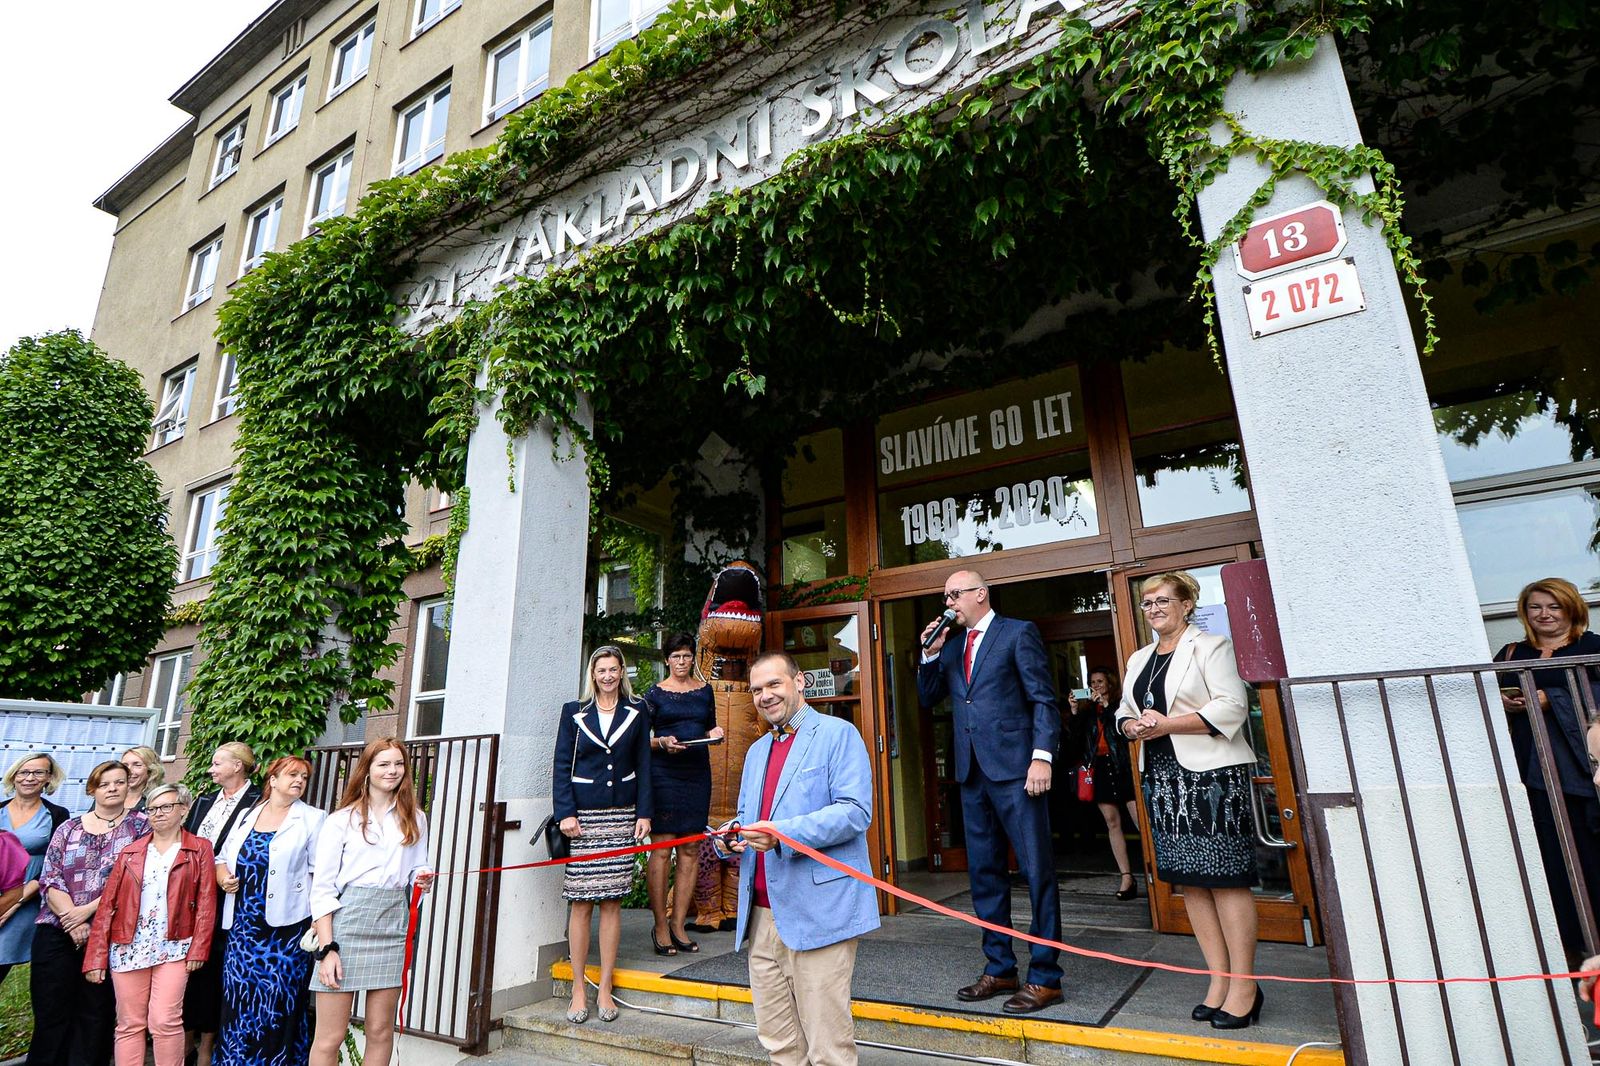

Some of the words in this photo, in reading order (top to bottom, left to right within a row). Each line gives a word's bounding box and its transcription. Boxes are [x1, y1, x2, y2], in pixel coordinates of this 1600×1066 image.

[490, 88, 772, 286] ZÁKLADNÍ
[1262, 221, 1308, 260] 13
[880, 415, 981, 475] SLAVÍME
[989, 404, 1024, 450] 60
[1032, 391, 1073, 440] LET
[901, 497, 960, 546] 1960
[995, 475, 1068, 530] 2020
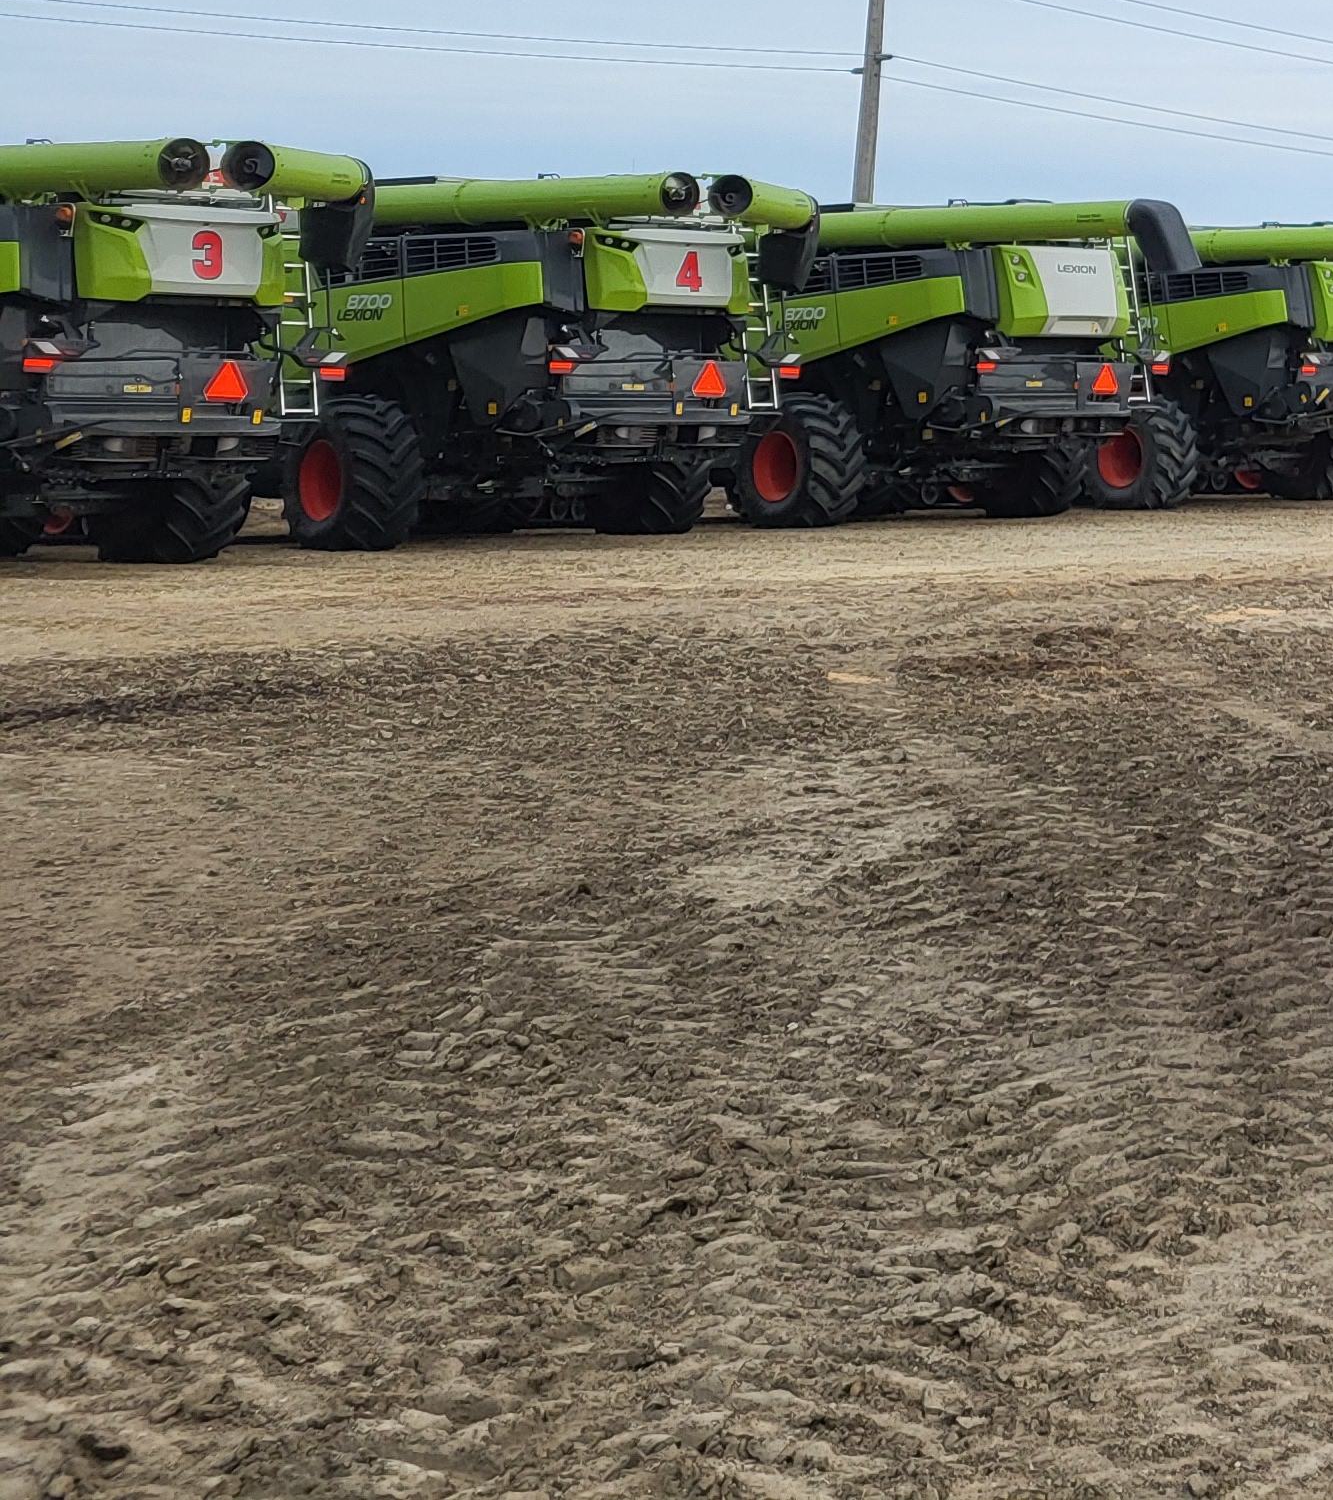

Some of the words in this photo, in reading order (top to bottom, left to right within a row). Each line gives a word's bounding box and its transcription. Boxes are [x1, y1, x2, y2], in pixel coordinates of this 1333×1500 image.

[192, 230, 222, 280] 3
[676, 251, 702, 292] 4
[1057, 264, 1096, 274] LEXION
[346, 294, 392, 310] 8700
[337, 309, 383, 321] LEXION
[785, 307, 826, 321] 8700
[776, 320, 818, 331] LEXION
__________
[What you should do] Set down exactly the lines of the listing above, from the line holding "this 1333×1500 image." through its last line, with nothing added.

[Solution below]
Some of the words in this photo, in reading order (top to bottom, left to right within a row). Each line gives a word's bounding box and its transcription. Boxes are [x1, y1, x2, y2], in pixel coordinates of this 1333×1500 image.

[192, 230, 222, 280] 3
[676, 251, 702, 292] 4
[1057, 264, 1096, 274] LEXION
[346, 294, 392, 310] 8700
[337, 309, 383, 321] LEXION
[785, 307, 826, 321] 8700
[776, 320, 818, 331] LEXION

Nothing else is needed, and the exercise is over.